---- DATA TO PROCESS

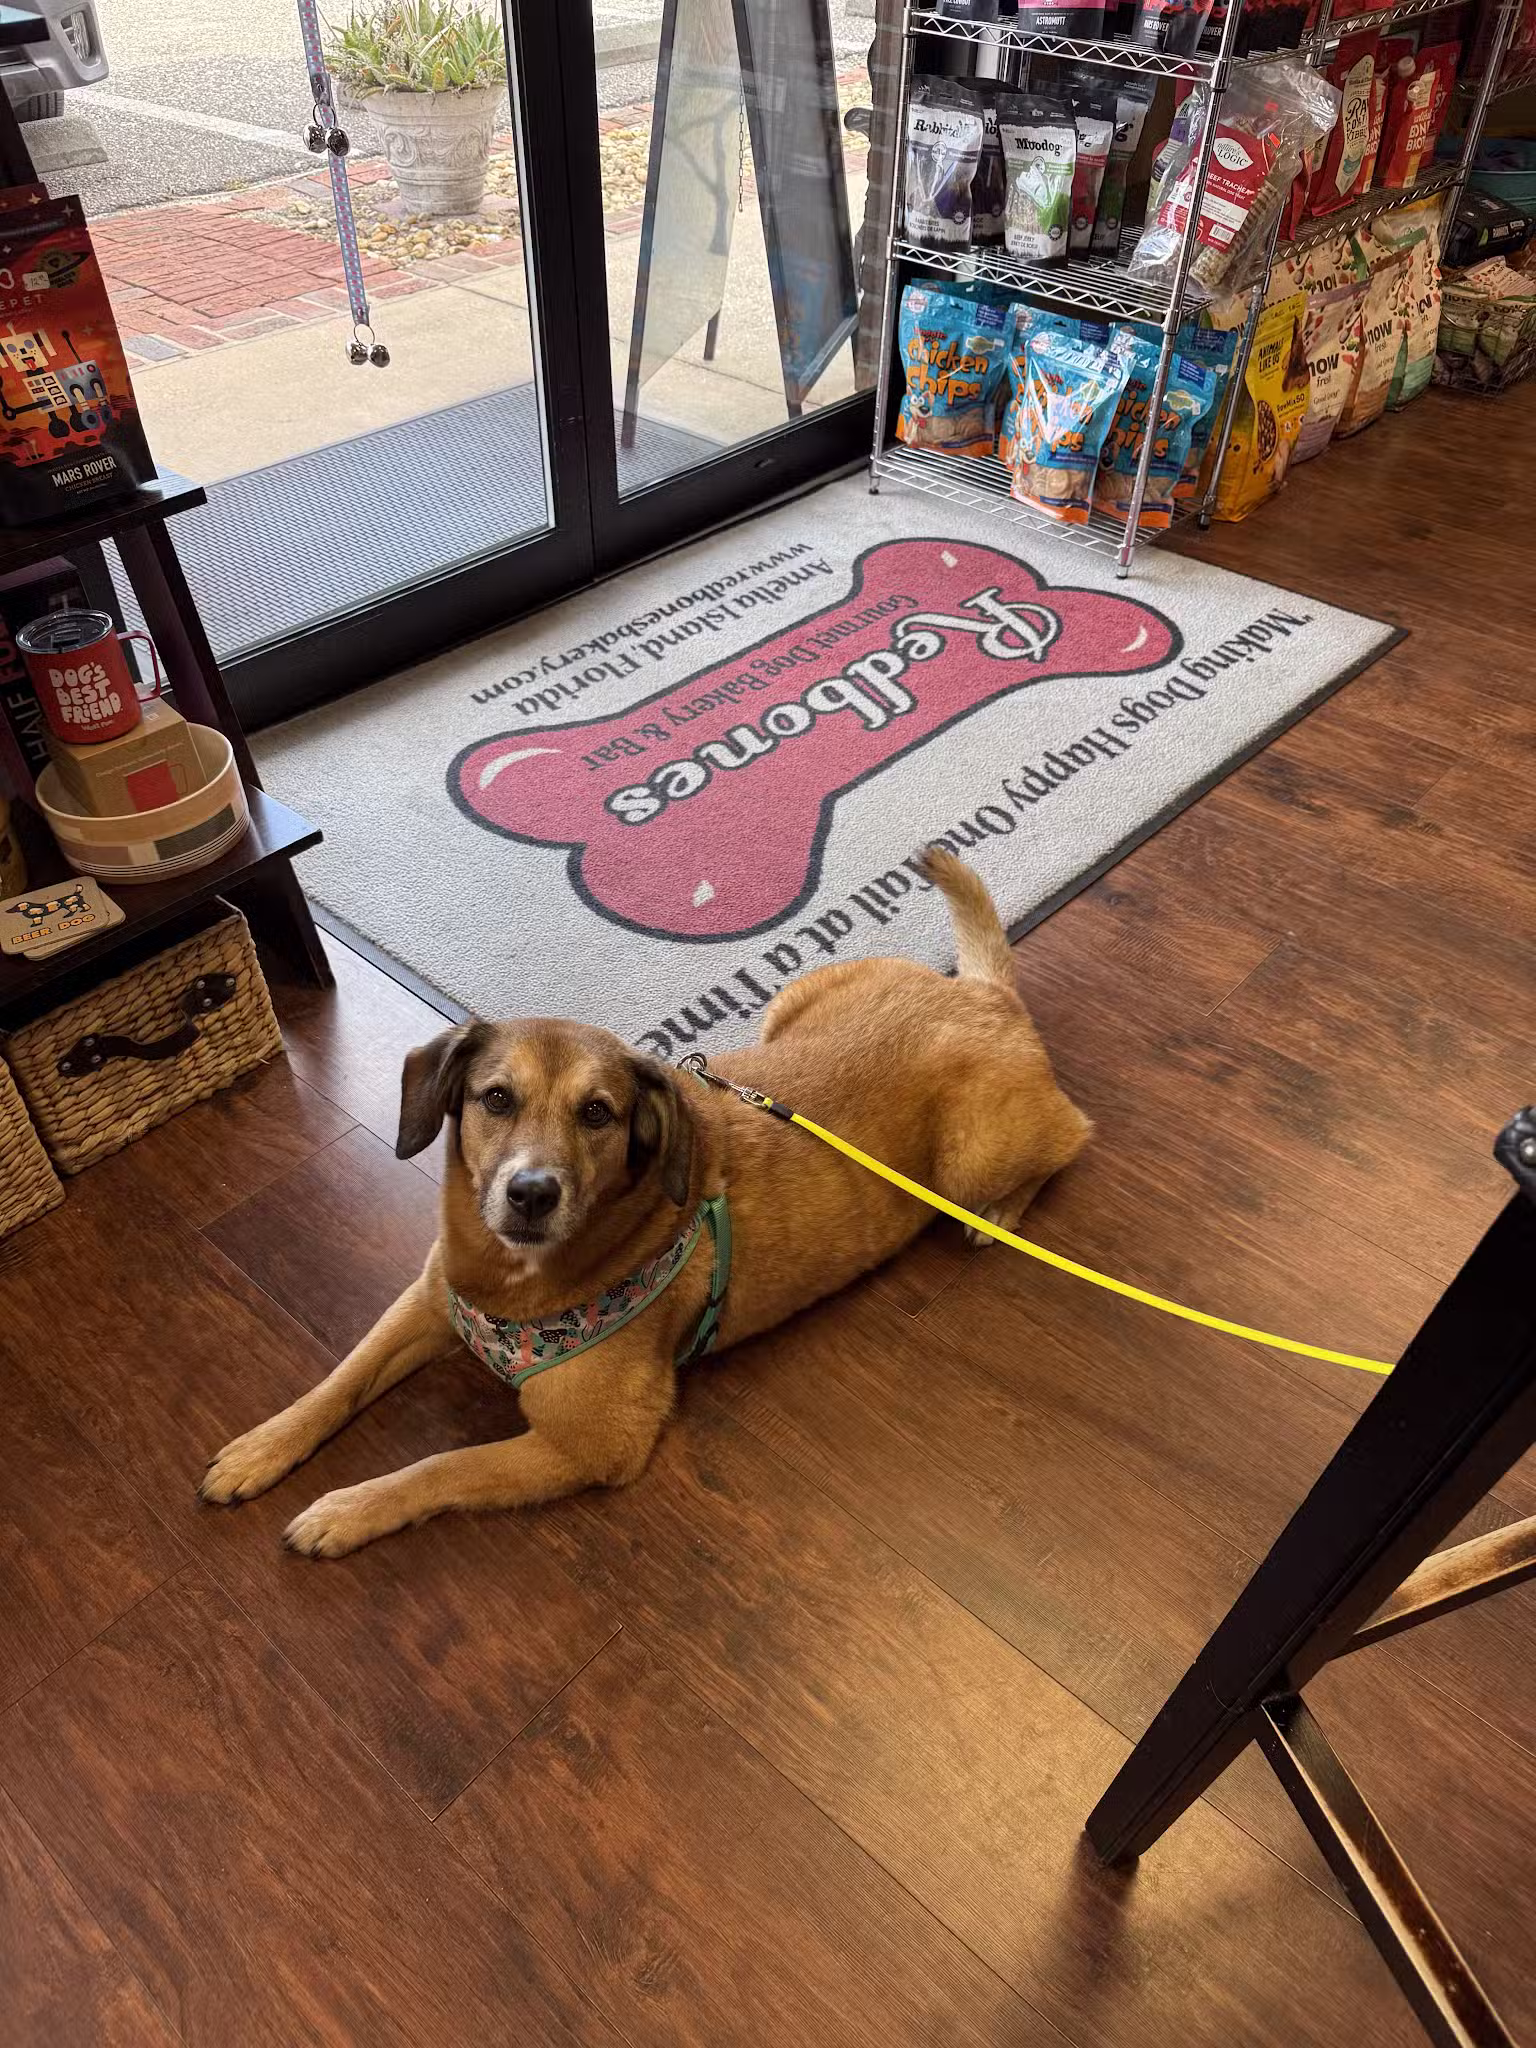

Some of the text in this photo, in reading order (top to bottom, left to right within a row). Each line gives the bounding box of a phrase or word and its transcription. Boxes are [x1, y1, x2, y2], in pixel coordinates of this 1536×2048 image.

[1345, 97, 1369, 122] RA
[1217, 149, 1248, 167] LOGIC
[1367, 319, 1393, 345] now
[907, 338, 989, 375] Chicken
[1308, 353, 1340, 378] now
[906, 363, 983, 407] Chips
[51, 466, 83, 488] MARS
[82, 455, 117, 478] ROVER
[721, 557, 834, 610] Amelia
[470, 542, 813, 705] www.redbonesbakery.com
[49, 662, 107, 688] DOG'S
[56, 678, 111, 706] BEST
[511, 652, 644, 717] Florida
[581, 594, 920, 771] Gourmet Dog Bakery & Bar
[605, 587, 1063, 826] Redbones
[1110, 673, 1208, 735] Dogs
[1000, 725, 1133, 814] Happy
[11, 913, 96, 945] BEER DOG
[794, 908, 854, 955] at
[762, 942, 802, 976] a
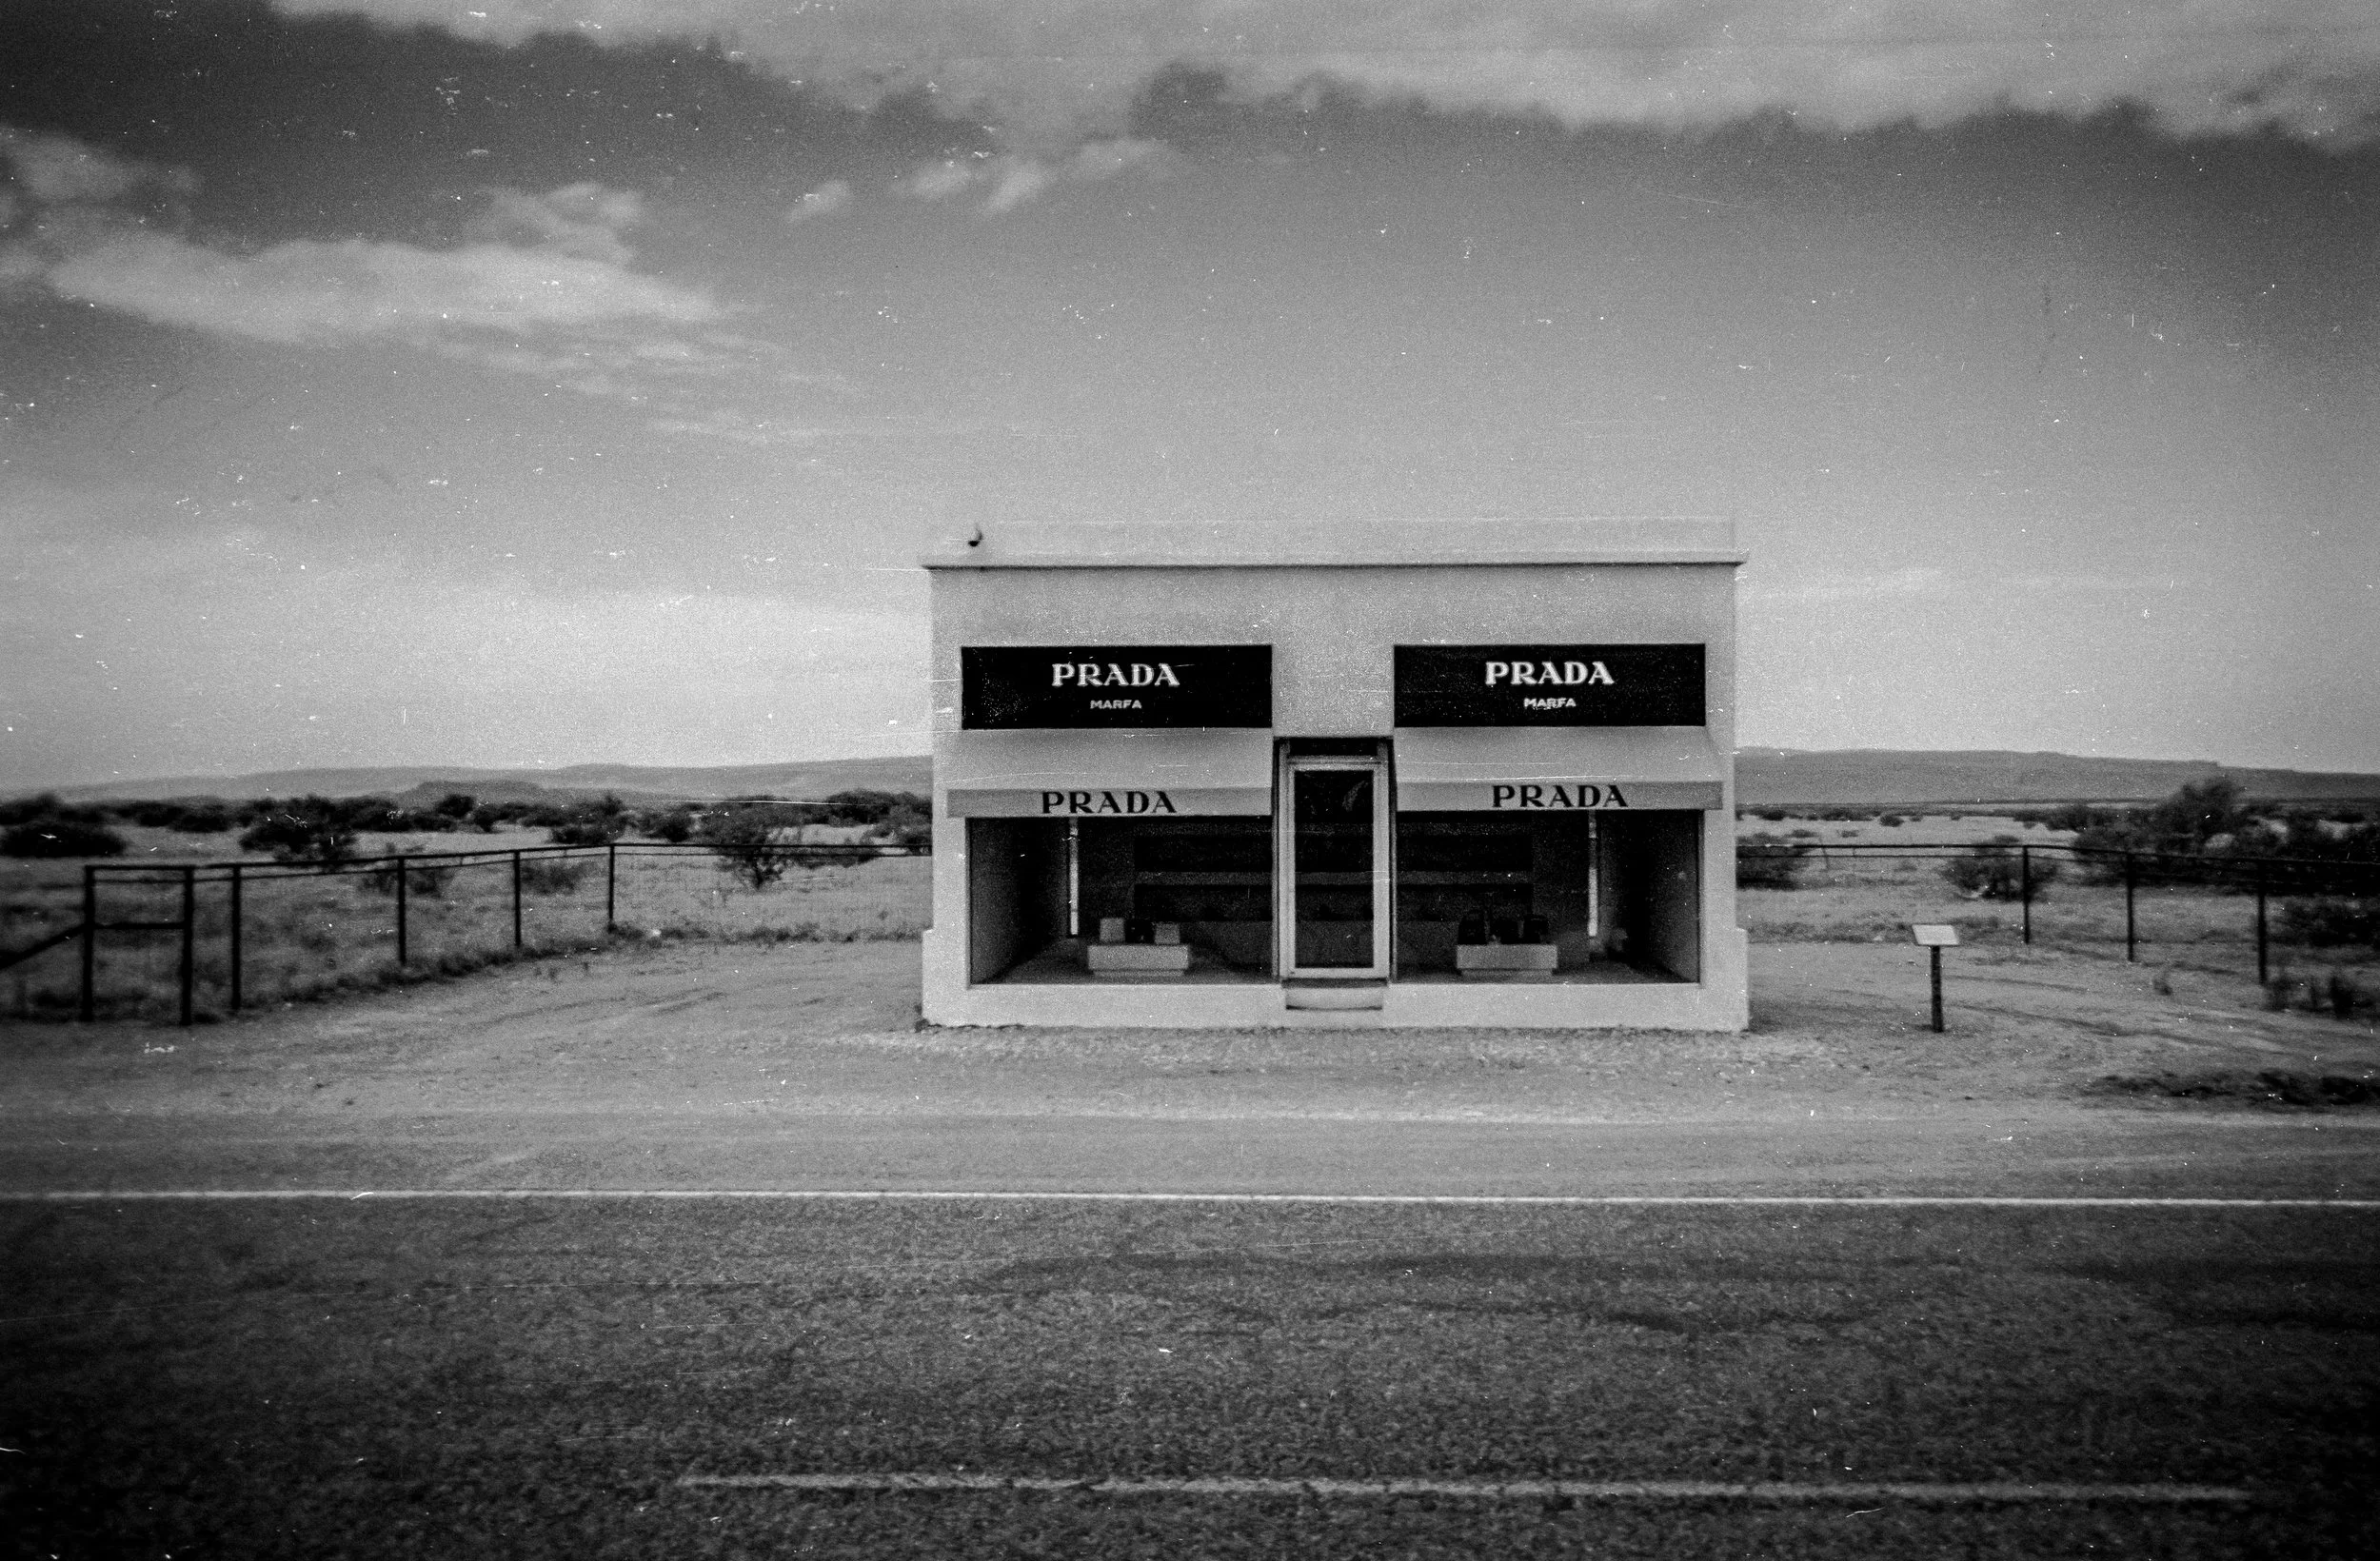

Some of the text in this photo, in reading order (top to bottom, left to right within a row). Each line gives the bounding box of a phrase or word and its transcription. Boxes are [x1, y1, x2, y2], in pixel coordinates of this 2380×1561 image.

[1051, 662, 1180, 687] PRADA
[1484, 661, 1615, 685] PRADA
[1090, 700, 1142, 710] MARFA
[1523, 698, 1577, 708] MARFA
[1041, 790, 1178, 815] PRADA
[1492, 783, 1629, 808] PRADA

--------

When a picture appears in the material, please pass over it while retyping the rest exactly.

▶ EXERCISE OUTPUT:
Some of the text in this photo, in reading order (top to bottom, left to right within a row). Each line gives the bounding box of a phrase or word and its transcription. Boxes are [x1, y1, x2, y2], in pixel coordinates of this 1536×2048 image.

[1345, 97, 1369, 122] RA
[1217, 149, 1248, 167] LOGIC
[1367, 319, 1393, 345] now
[907, 338, 989, 375] Chicken
[1308, 353, 1340, 378] now
[906, 363, 983, 407] Chips
[51, 466, 83, 488] MARS
[82, 455, 117, 478] ROVER
[721, 557, 834, 610] Amelia
[470, 542, 813, 705] www.redbonesbakery.com
[49, 662, 107, 688] DOG'S
[56, 678, 111, 706] BEST
[511, 652, 644, 717] Florida
[581, 594, 920, 771] Gourmet Dog Bakery & Bar
[605, 587, 1063, 826] Redbones
[1110, 673, 1208, 735] Dogs
[1000, 725, 1133, 814] Happy
[11, 913, 96, 945] BEER DOG
[794, 908, 854, 955] at
[762, 942, 802, 976] a

Some of the text in this photo, in reading order (top to bottom, left to right within a row). Each line gives the bounding box of a phrase or word and its transcription. Boxes are [x1, y1, x2, y2], in pixel coordinates of this 2380×1561 image.

[1051, 662, 1180, 687] PRADA
[1484, 661, 1615, 685] PRADA
[1090, 700, 1142, 710] MARFA
[1523, 698, 1577, 708] MARFA
[1041, 790, 1178, 815] PRADA
[1492, 783, 1629, 808] PRADA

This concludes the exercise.